The bill would direct the California Environmental Protection Agency to study how much climate change has cost the state between 1990 and 2024, and assess a one-time fee on oil and gas companies emitting more than 1 billion metric tons of emissions.
Maya Golden-Krasner, deputy director of the Climate Law Institute at the Center for Biological Diversity in Los Angeles, explained the goal of the bill.
"These are companies that make billions of dollars in profits per day," Golden-Krasner pointed out. "This bill would take some of the burden off of taxpayers, and put it onto the people who caused the crisis."

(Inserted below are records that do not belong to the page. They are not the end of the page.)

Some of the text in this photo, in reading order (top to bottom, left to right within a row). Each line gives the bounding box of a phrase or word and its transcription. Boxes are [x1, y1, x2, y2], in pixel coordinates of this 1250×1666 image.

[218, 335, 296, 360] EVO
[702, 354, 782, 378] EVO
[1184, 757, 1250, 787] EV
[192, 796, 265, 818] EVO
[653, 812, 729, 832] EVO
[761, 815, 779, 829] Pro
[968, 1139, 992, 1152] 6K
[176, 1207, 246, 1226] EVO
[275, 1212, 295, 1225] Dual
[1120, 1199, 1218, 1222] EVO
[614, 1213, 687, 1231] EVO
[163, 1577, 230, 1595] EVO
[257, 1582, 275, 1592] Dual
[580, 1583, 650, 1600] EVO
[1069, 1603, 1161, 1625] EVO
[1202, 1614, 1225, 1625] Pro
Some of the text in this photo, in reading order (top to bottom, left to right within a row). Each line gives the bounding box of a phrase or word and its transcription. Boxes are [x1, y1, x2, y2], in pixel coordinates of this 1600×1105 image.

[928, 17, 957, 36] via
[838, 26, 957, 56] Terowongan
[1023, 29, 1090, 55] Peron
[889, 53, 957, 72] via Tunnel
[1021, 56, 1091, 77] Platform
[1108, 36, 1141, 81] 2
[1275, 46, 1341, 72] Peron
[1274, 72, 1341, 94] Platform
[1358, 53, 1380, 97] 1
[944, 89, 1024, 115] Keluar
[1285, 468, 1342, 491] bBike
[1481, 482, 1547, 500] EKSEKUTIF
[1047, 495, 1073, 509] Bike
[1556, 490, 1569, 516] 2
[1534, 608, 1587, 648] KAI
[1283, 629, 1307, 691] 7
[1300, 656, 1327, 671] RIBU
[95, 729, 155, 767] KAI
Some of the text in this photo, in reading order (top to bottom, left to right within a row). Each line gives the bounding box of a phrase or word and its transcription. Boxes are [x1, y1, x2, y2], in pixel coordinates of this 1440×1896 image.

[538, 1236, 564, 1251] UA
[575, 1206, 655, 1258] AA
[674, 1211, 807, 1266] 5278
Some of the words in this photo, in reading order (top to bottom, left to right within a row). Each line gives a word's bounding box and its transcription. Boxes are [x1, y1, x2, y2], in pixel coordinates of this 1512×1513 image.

Right now, taxpayers end up footing much of the bill to clean up after natural disasters like mega-fires and floods, made worse by climate change. The money would go into a fund for climate-related programs, including projects to promote energy efficiency, make infrastructure more resilient, create urban green spaces and restore wetlands. The Western States Petroleum Association is among opponents of the bill, saying it will raise fuel costs for consumers and businesses.
The State Building and Construction Trades Council also opposes the bill, saying it will cost jobs.
Asm. Dawn Addis, D-Morro Bay, a sponsor of the bill, argued the climate projects will create jobs and a one-time fee should not affect gas prices.
"These companies lied to the public for decades," Addis contended. "They knew that the pollution they were causing was creating climate damage, was leading to global warming. They hid that information, and it's time for them to be part of the solution."
The bill has already passed the Senate Environmental Quality Committee in March and goes before the Senate Judiciary Committee Tuesday.